Luego de muchos kilómetros, me adentré a la autopista regional, casi no había automóvile­s y eso ya era normal para mí, al menos hasta que una figura esbelta apareció en mi campo de visión. A lo lejos sólo podía ver a una mujer con vestido, aunque en realidad parecía una túnica. Algo en mí me decía que no me detuviera, que pisara el acelerador y saliera de ahí, pero no lo hice, estaba borracho y quería divertirme. Me detuve justo frente a la chica, era hermosa: cabello muy largo, un poco más abajo de la cintura, tez blanca, labios rojos y carnosos y un cuerpo totalmente esbelto que se podía apreciar a través del vestido.
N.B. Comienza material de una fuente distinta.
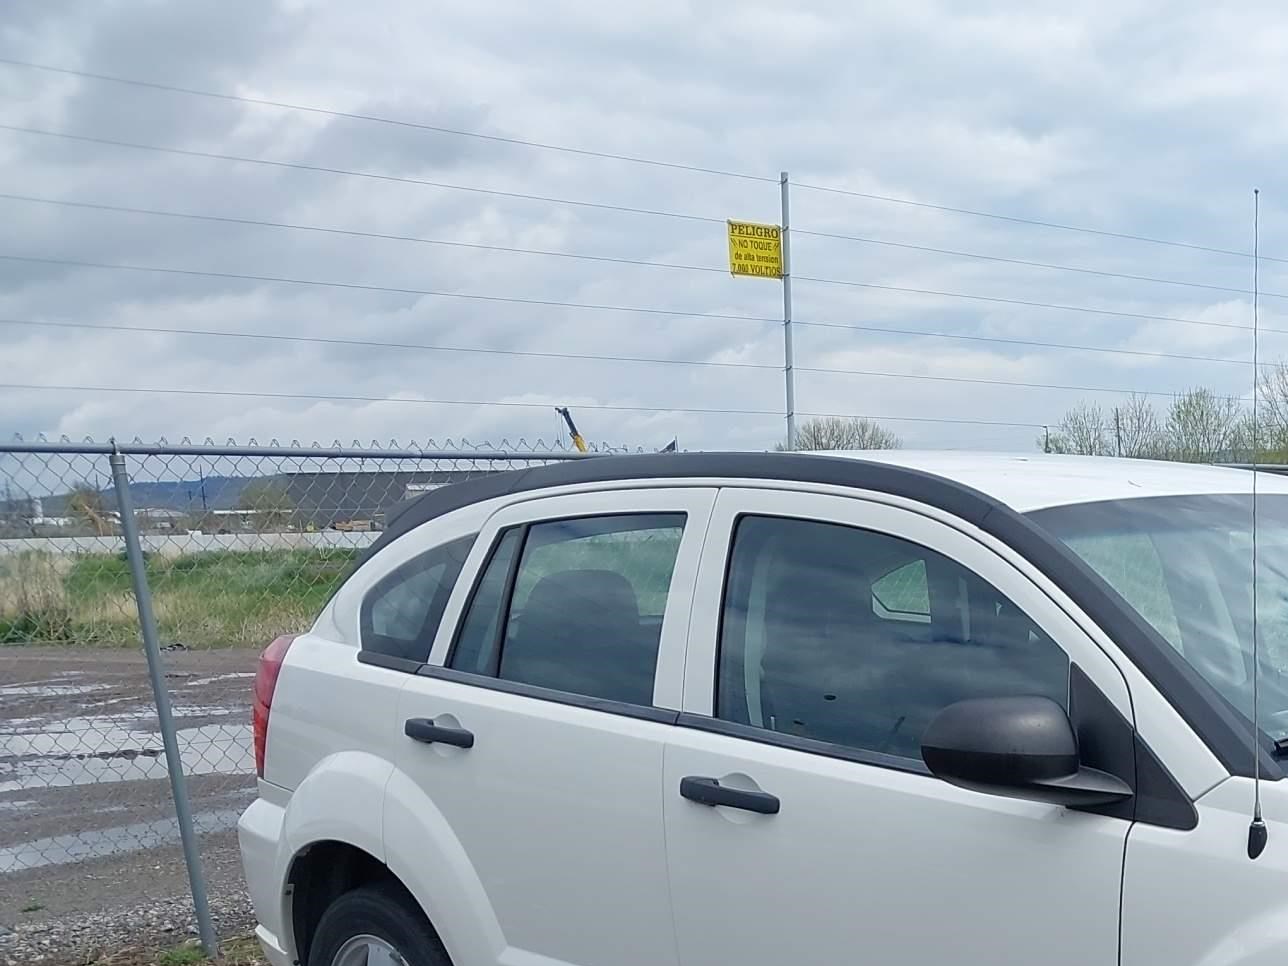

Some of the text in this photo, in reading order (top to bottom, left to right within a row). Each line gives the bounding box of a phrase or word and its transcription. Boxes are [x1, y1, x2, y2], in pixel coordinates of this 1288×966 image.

[730, 224, 778, 238] PELIGRO
[738, 239, 772, 251] NO TOQUE
[734, 251, 743, 260] de
[744, 252, 755, 261] alta
[750, 264, 781, 276] VOLTIOS
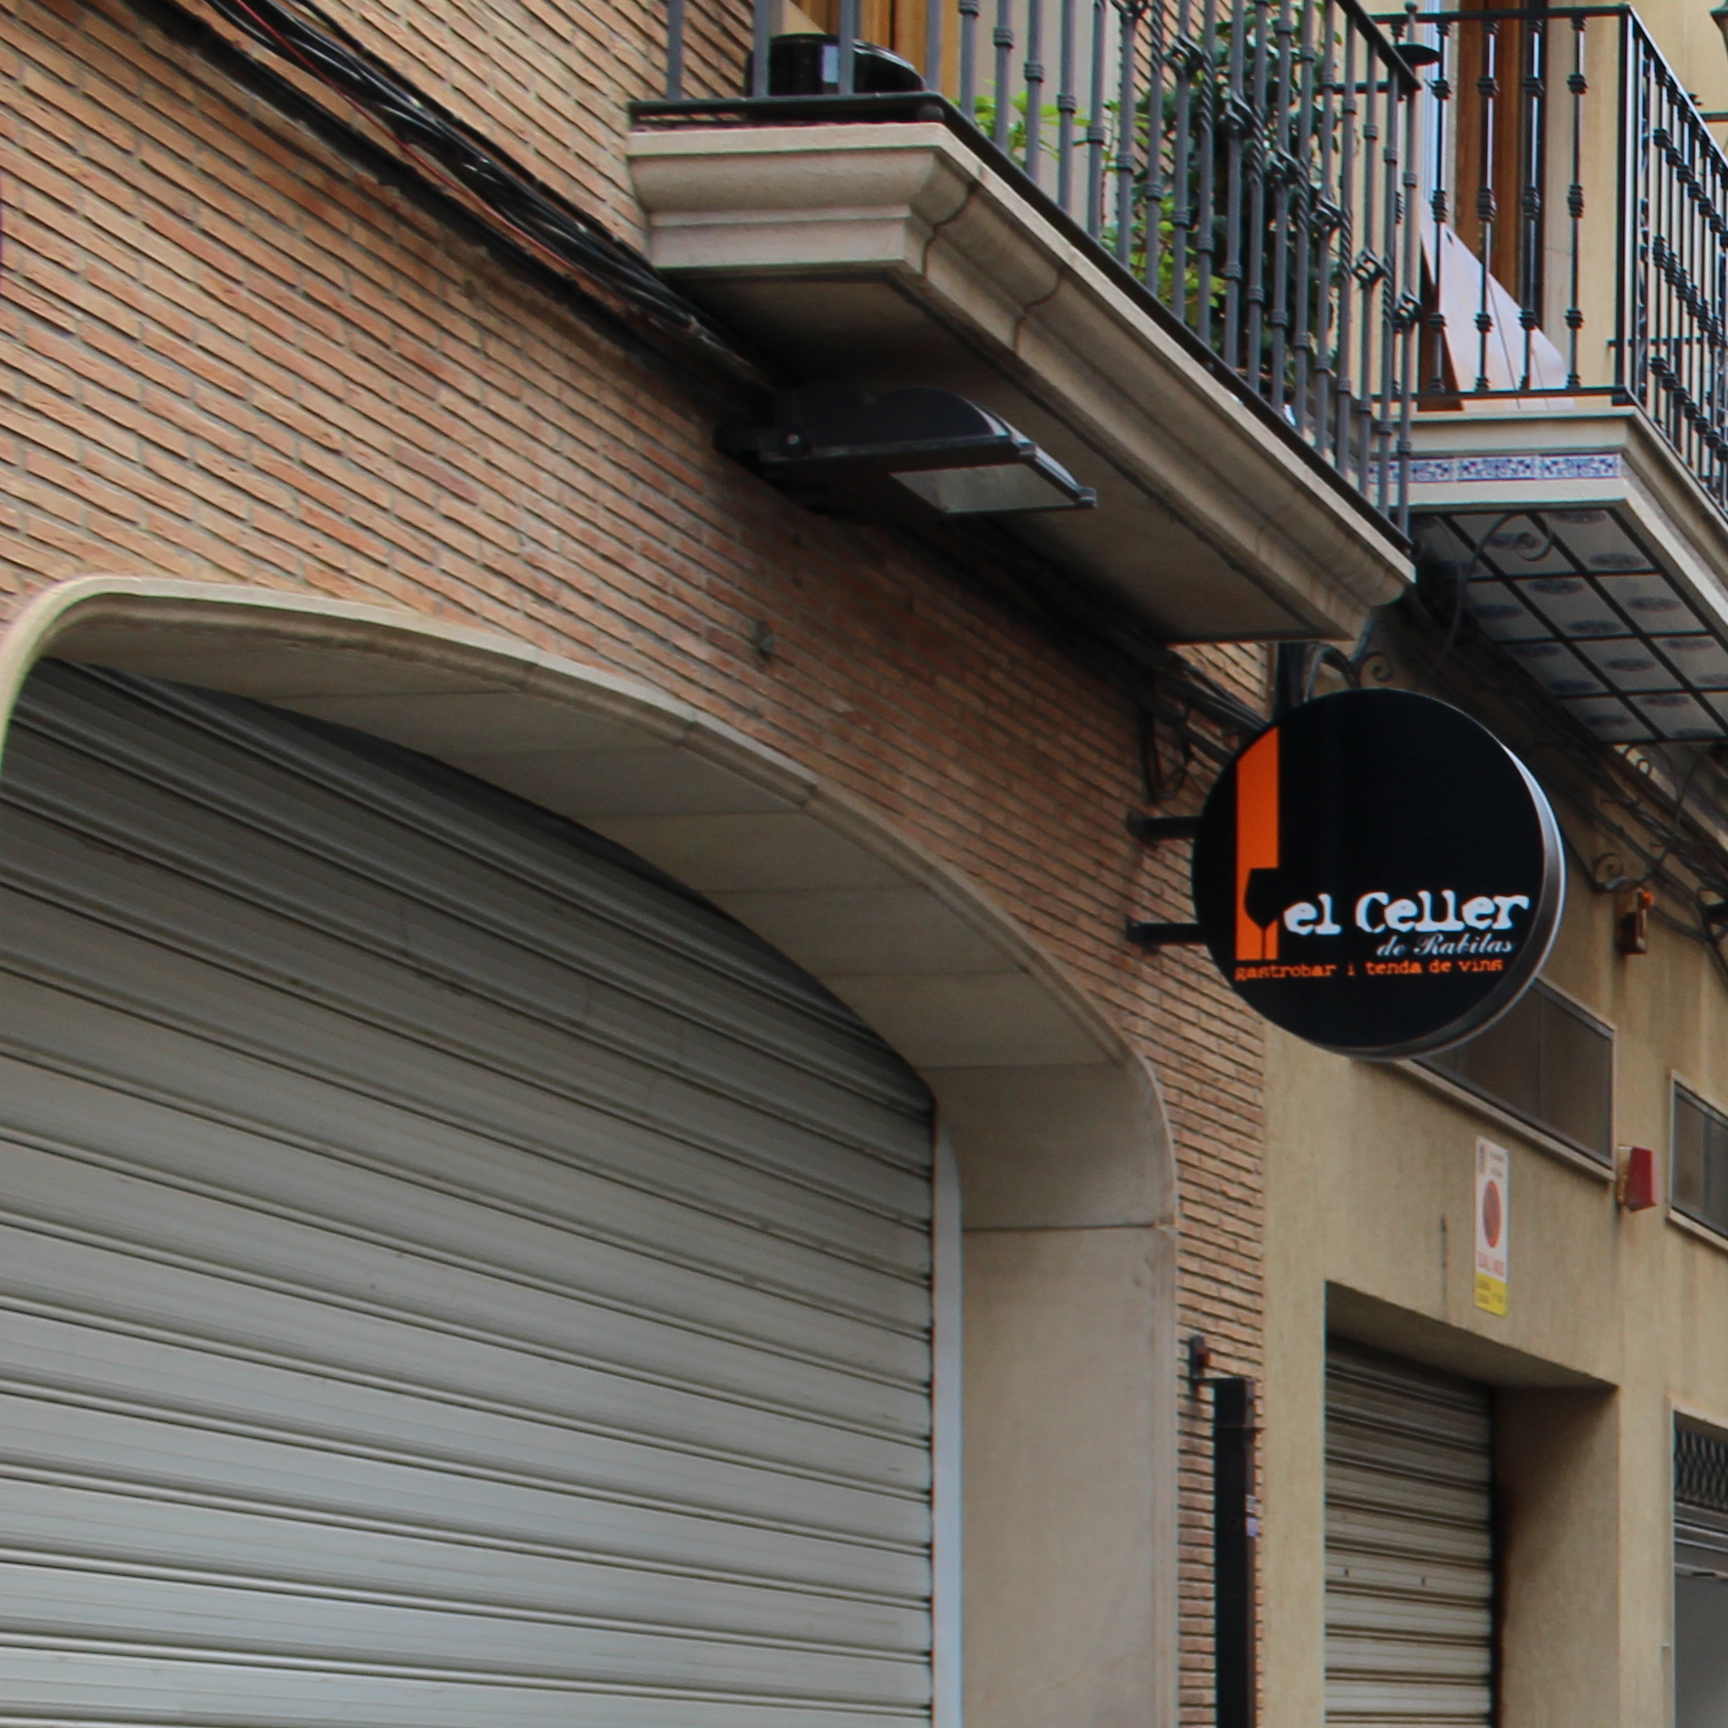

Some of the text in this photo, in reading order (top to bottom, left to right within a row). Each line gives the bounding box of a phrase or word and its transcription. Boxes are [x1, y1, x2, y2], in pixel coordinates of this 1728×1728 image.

[1283, 890, 1530, 935] el Celler
[1234, 957, 1504, 981] gastrobar i tenda de vins
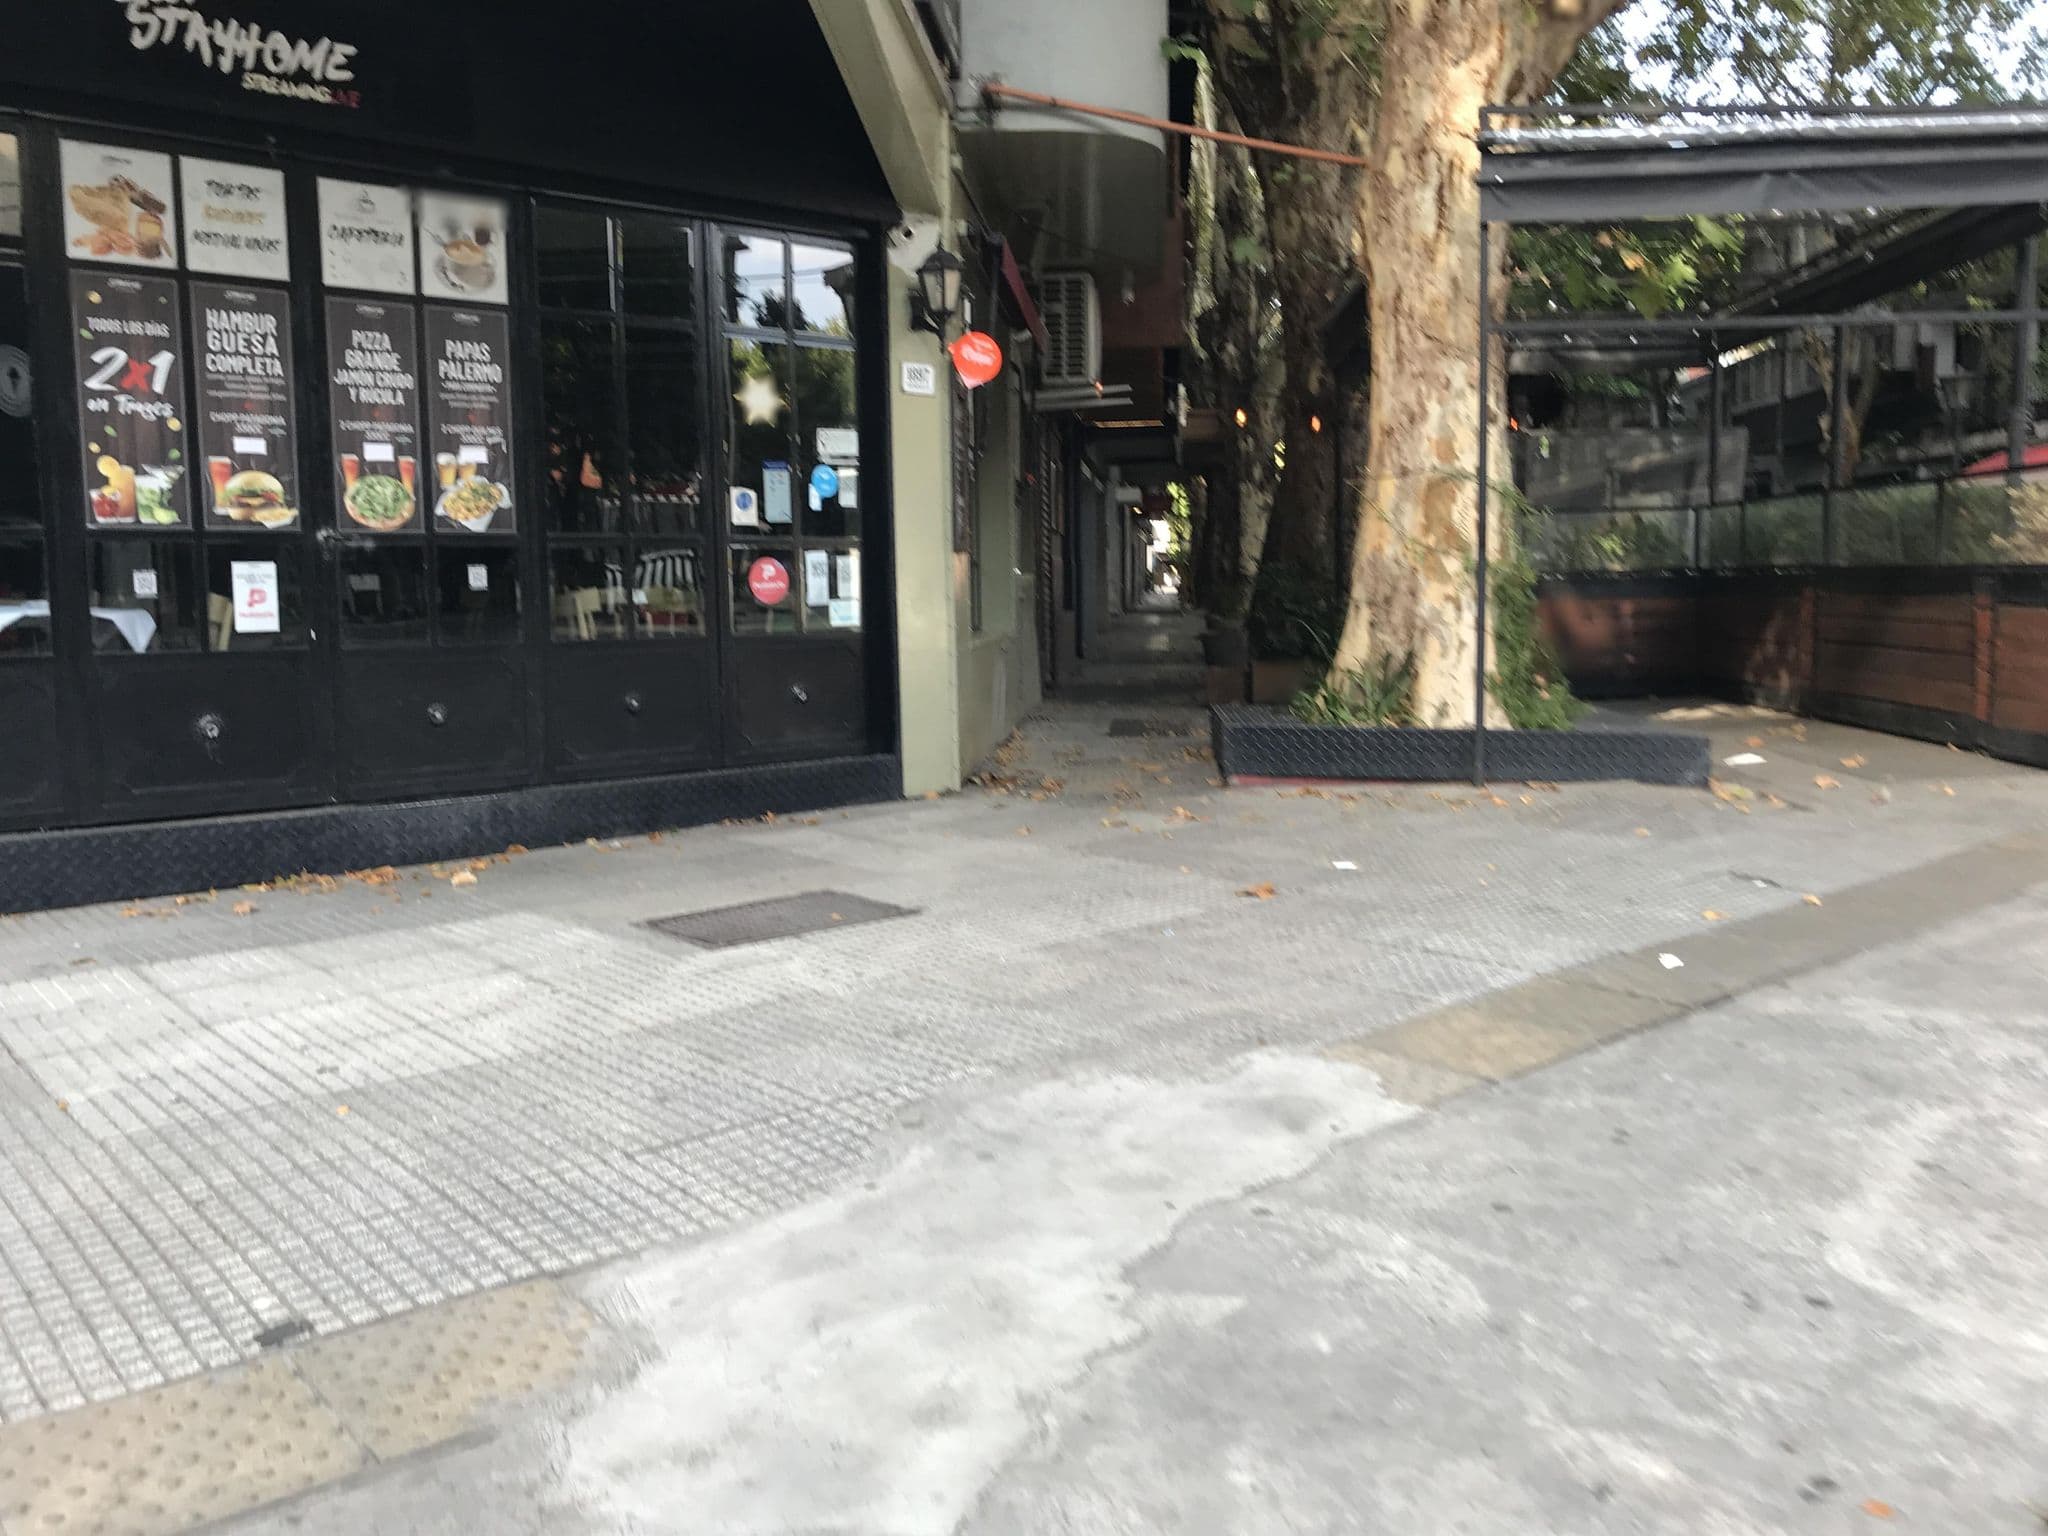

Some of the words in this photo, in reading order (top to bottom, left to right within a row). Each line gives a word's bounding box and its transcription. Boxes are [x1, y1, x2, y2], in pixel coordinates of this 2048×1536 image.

Era imposible no sentirse atraído por ella, bajé la ventanilla del copiloto y le pregunté a dónde se dirigía. No me contestó, sólo subió al auto y me miró a los ojos. Como un instinto, me quité el anillo de bodas y ella empezó a besarme. Estuvimos así por unos minutos hasta que empecé a “desvestirl­a”, fue ahí cuando supe que algo andaba mal. Le quitaba un vestido y aparecía otro y otro. La miré para saber lo que ocurría y el terror invadió mi rostro. La bella mujer había desapareci­do y ahora tenía frente a mi algo horroroso. Su cara estaba llena de arrugas y manchas, sus ojos eran rojos como la sangre, con colmillos igual de rojos, llenos de mi sangre. Intenté salir del auto y sus largas uñas impactaron mi rostro y pecho hasta que sus dedos se cerraron en mi cuello. Su horrible risa llenó mis oídos y el olor putrefacto se quedó grabado. No sé en qué momento desapareci­ó, pero podía verla en cada esquina, incluso detrás de mí. Cuando llegué a mi casa no podía dormir porque la sentía cerca, incluso sentía su olor y escuchaba su risa en cada rincón de mi hogar. Me estaba volviendo loco.

Mi madre me lo había advertido y yo no le presté atención, me convertí en una de sus víctimas, marcado de por vida, atacado por la Sayona.